Painting Hirosige Ando - Moonlight, Nagakubo
The famous artist Ando Hiroshige was born in 1797 in Edo, the ancient capital of Japan. His father was the samurai Ando Genamon, who was the foreman of the city's fire brigade. The first name that Hiroshige received as a child was Tokutaro. According to the ancient Japanese custom (to protect the child from bad predictions) his name changed several times as he grew up. After ten years, Tokutaro was renamed Tokbei, in fourteen - in Jujuemon, after fifteen - in Dzubey.
To learn hieroglyphic writing Tokuraro began, as was customary, quite early, thanks to which already from his youth he began to understand the properties of paper, brushes and ink. The first lessons of painting Hiroshige received from one of his father's colleagues, and wrote his first painting "Mount Fuji in the snow" at ten years old. Parents were proud of the success of his son, but they did not see the flowering of his talent: both the father and the artist's mother died one year, and at thirteen years Hiroshige became an orphan.

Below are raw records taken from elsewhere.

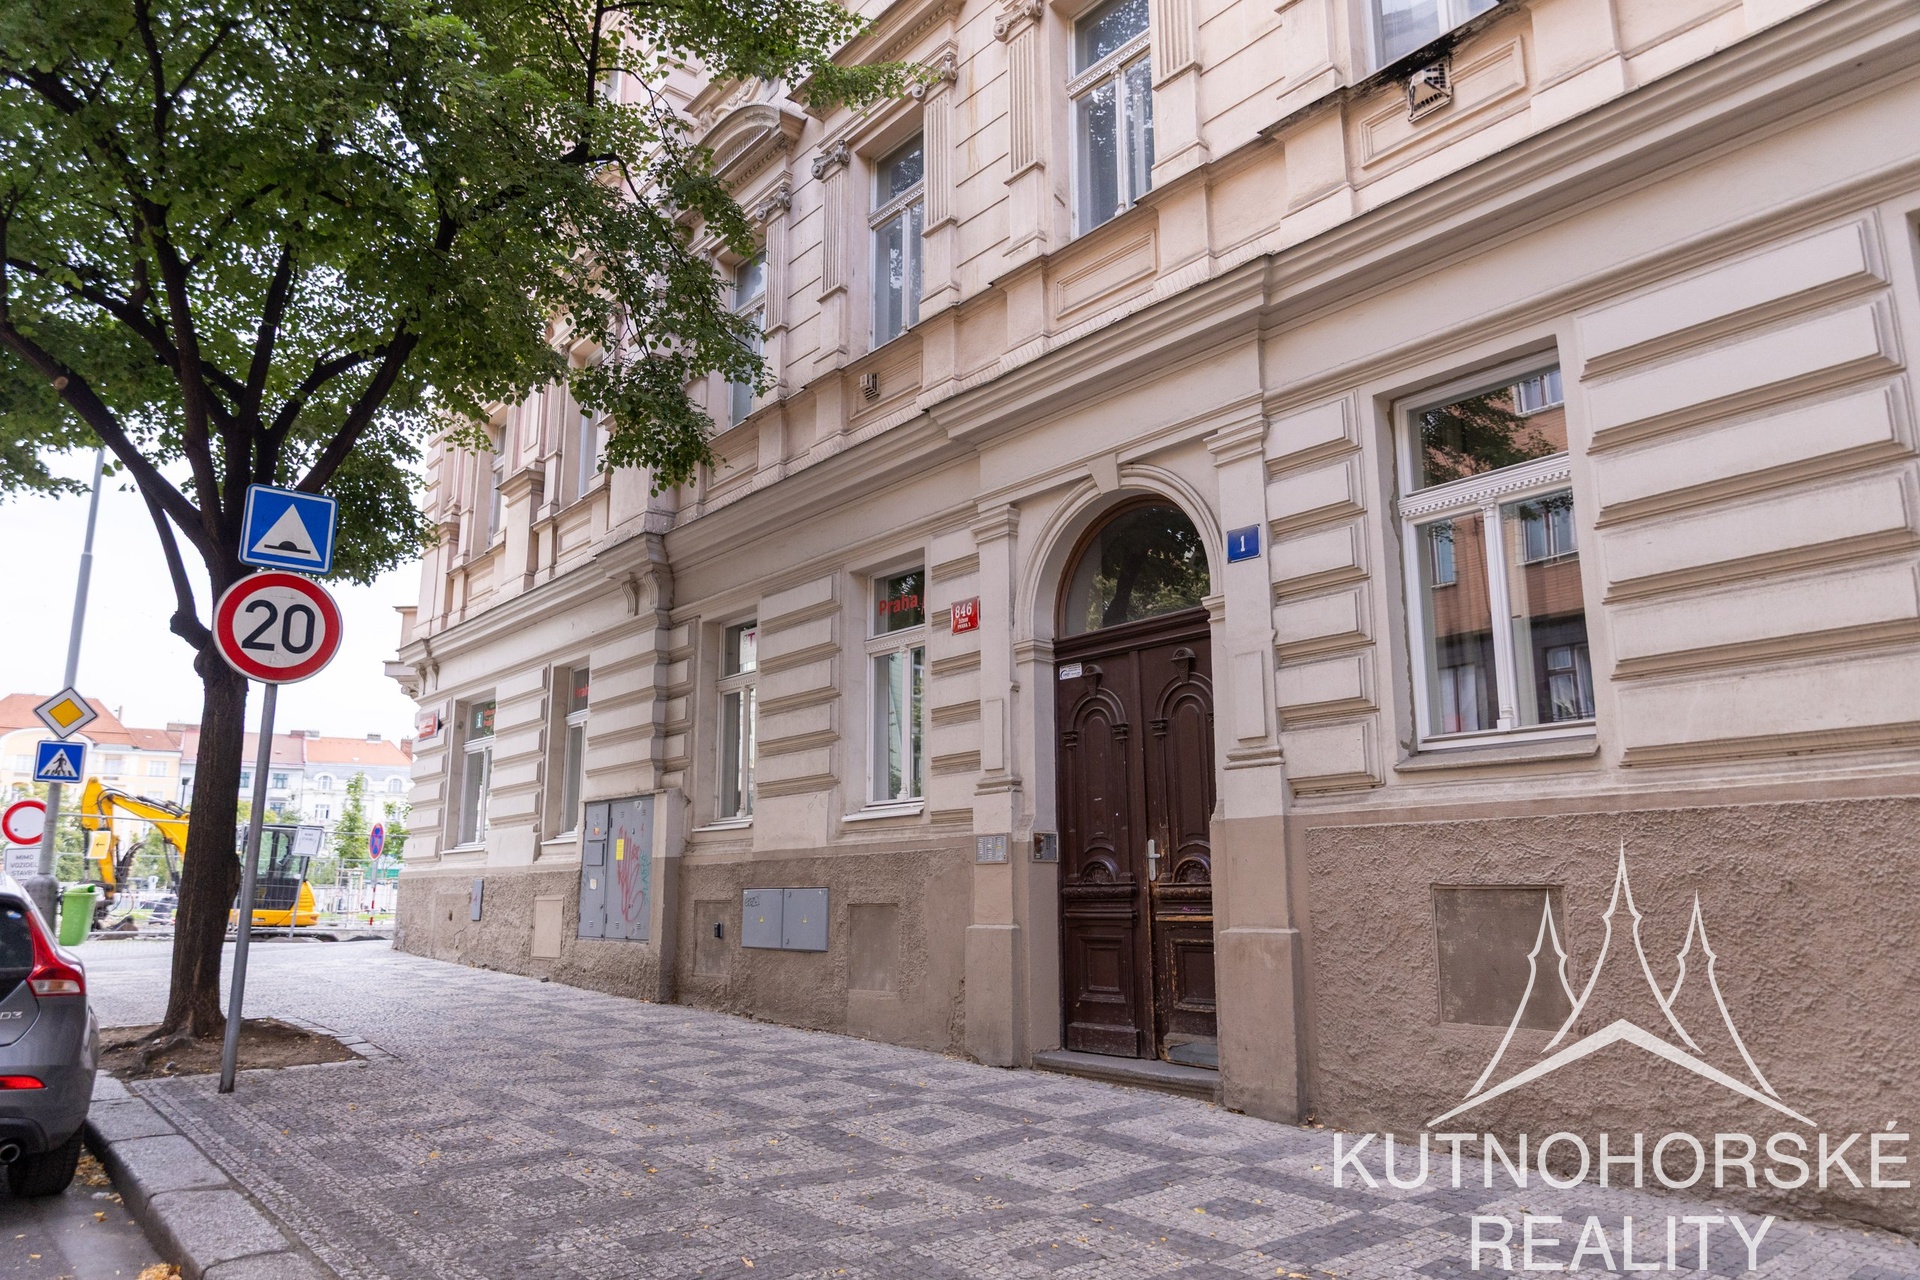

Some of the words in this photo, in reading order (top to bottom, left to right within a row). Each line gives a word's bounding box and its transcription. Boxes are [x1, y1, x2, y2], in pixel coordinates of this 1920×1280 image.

[1240, 535, 1246, 552] 1
[879, 594, 918, 616] Praha
[955, 603, 972, 619] 846
[241, 599, 316, 655] 20
[0, 1011, 23, 1020] D3

In accordance with the existing order, Hiroshige inherited from his father the post of fire brigade leader, but this occupation was contrary to his interests. At the age of fifteen, he enrolled to Toyohiro Utagawa, one of the largest Japanese masters of ukiyo-e engraving, who mainly worked in the "bidding" genre, specializing in portraits of beauties. As a rule, the training process lasted four to five years. Obligations of the student were strictly stipulated. In addition to helping the master in his work, the student had to carry out errands for the household. This period Hiroshige passed in one year, after which he received a diploma of master engraving. But in his teacher's house Hiroshige was still several years old. Later, the formation is typical for most famous Japanese artists of the time. Before starting their independent work, they studied the laws of classical painting for many years, copied the work of their teacher many times, comprehended various methods of work with a brush. Mastering all the "Ukiyo-e" genres was an indispensable condition for the beginning of independent creativity. As a rule, famous Japanese masters came to the heights of art rather late, and some - even in old age (for example, Hokusai created his best paintings in sixty years). Stylistics Hiroshige was formed to thirty-five years.

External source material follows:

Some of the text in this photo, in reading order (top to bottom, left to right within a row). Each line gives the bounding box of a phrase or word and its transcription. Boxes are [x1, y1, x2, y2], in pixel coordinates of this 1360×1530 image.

The first independent landscape series Hiroshige refers to 1825 and is called "Eight kinds of Omi." The young master's appeal to landscape engraving came not without the influence of the landscape series of Hokusai, which appeared in Edo bookstores two years earlier. In 1827, Hiroshige again turned to the landscape, this time choosing as his object his native city of Edo. So the series "Ten kinds of the Eastern capital" was born (Edo is located to the east of Kyoto, where the emperor's residence was). Already the first released series enjoyed a certain popularity, but the real glory came to Hiroshige after the publication of the series "Fifty-three stations of the Tokaido road".
The military government in Edo had the custom of sending a white horse to Kyoto every year. This symbolic gift was accompanied by a lot of samurai. The procession moved slowly from Edo to Kyoto along the east-seaside road - Tokaido. In 1832, Hiroshige took part in this procession, making notes on the road diary at each station. In late 1833, he released a series of "Fifty-three stations of the Tokaido road." The first two hundred copies of it were sold out in a matter of weeks. The success of the engravings contributed to the fact that in 1834 the publisher, with which Hiroshige collaborated, re-released this series as an album. Thus, the name of the artist became gradually known throughout Edo.

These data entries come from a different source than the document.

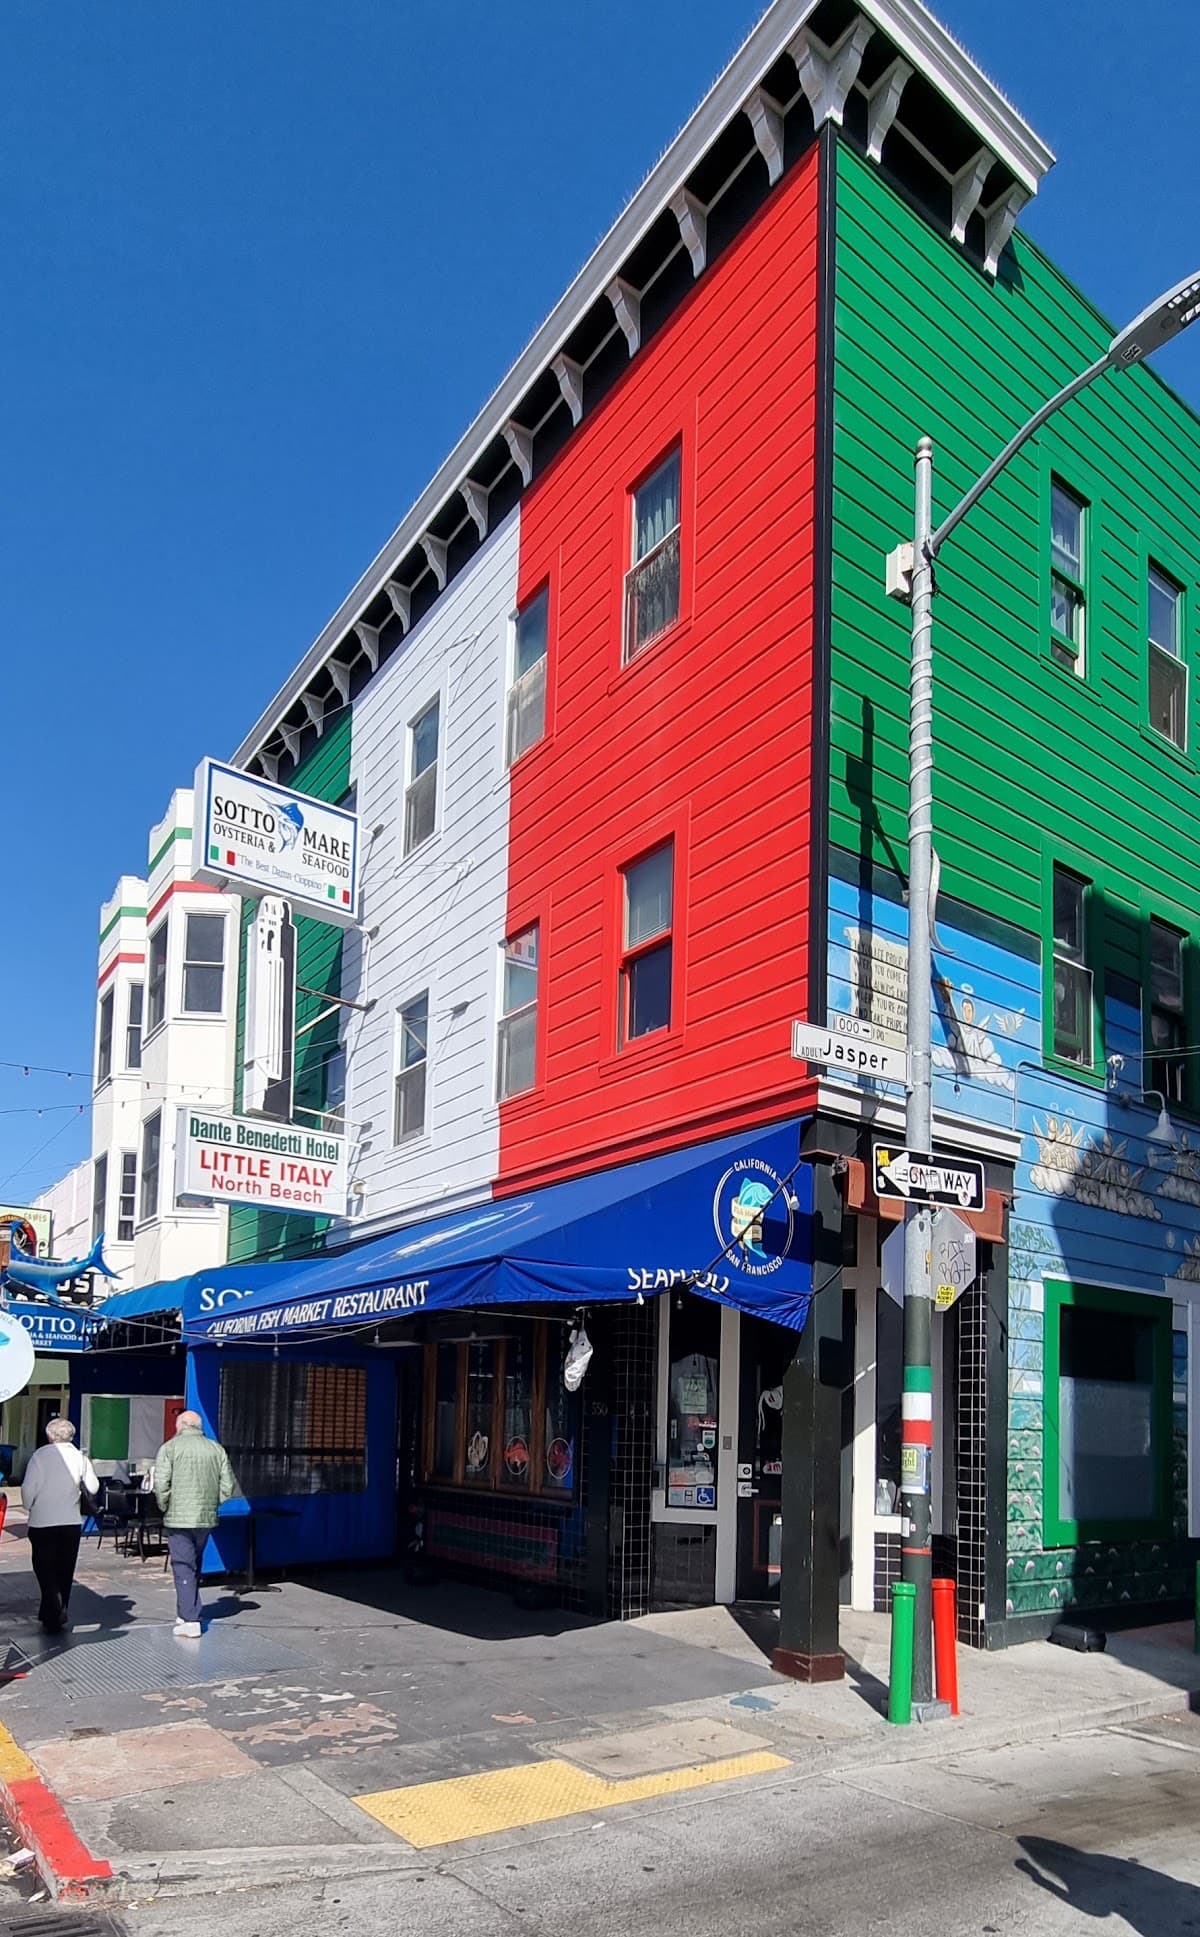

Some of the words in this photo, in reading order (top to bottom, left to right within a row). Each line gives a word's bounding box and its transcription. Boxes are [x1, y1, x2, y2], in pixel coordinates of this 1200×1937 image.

[213, 796, 276, 834] SOTTO
[303, 827, 351, 862] MARE
[213, 822, 265, 851] OYSTERIA
[267, 841, 276, 854] &
[301, 852, 350, 879] SEAFOOD
[823, 1038, 888, 1071] Jasper
[190, 1117, 231, 1142] Dante
[236, 1124, 301, 1154] Benedetti
[306, 1137, 339, 1161] Hotel
[200, 1150, 271, 1178] LITTLE
[280, 1162, 333, 1188] ITALY
[734, 1158, 777, 1180] CALIFORNIA
[943, 1171, 972, 1191] WAY
[211, 1174, 262, 1195] North
[270, 1183, 322, 1204] Beach
[725, 1249, 741, 1268] SAN
[741, 1256, 783, 1277] FRANCISCO
[11, 1313, 76, 1333] OTTO
[206, 1314, 258, 1338] CALIFORNIA
[257, 1307, 282, 1331] FISH
[281, 1299, 332, 1327] MARKET
[332, 1280, 430, 1319] RESTAURANT

The middle of the 1830s became the most fruitful period in the life of Hiroshige. But he ended tragically: in 1839 the first wife of the artist died. Soon he married again. Documentary evidence suggests that the master in the 1840s had a constant concern, aggravated also by the death of his son Tyudziro. He made long trips around the country, often moved from place to place and only at the end of the decade, returned to his own two-story house with a garden. Here he had an extensive workshop, students and assistants, but Hiroshige was burdened with teaching. He could not be a good teacher, for he above all else valued the minutes of contemplative solitude. Nevertheless, at different times he had about two dozen students.
In 1849, after the death of Hokusai, Hiroshige became the most famous Japanese landscape painter. A lot of orders that were being executed at that time deprived him of time for concentrated contemplation and searching for precise expressive means. Hiroshige's engravings of these years often leave much to be desired, and the artist himself probably realized that he was not experiencing the best creative period. During these years, he often spoke of his desire to break with art, "before years and weariness disgrace his former glory."
In 1856, Hiroshige took the monastic vows and became a monk living in the world. To this decision, he walked for a long time, in 1847, having chosen the fate of a novice. The artist died in 1858, probably during a cholera epidemic. He was buried next to the graves of his parents in the Togakuji temple.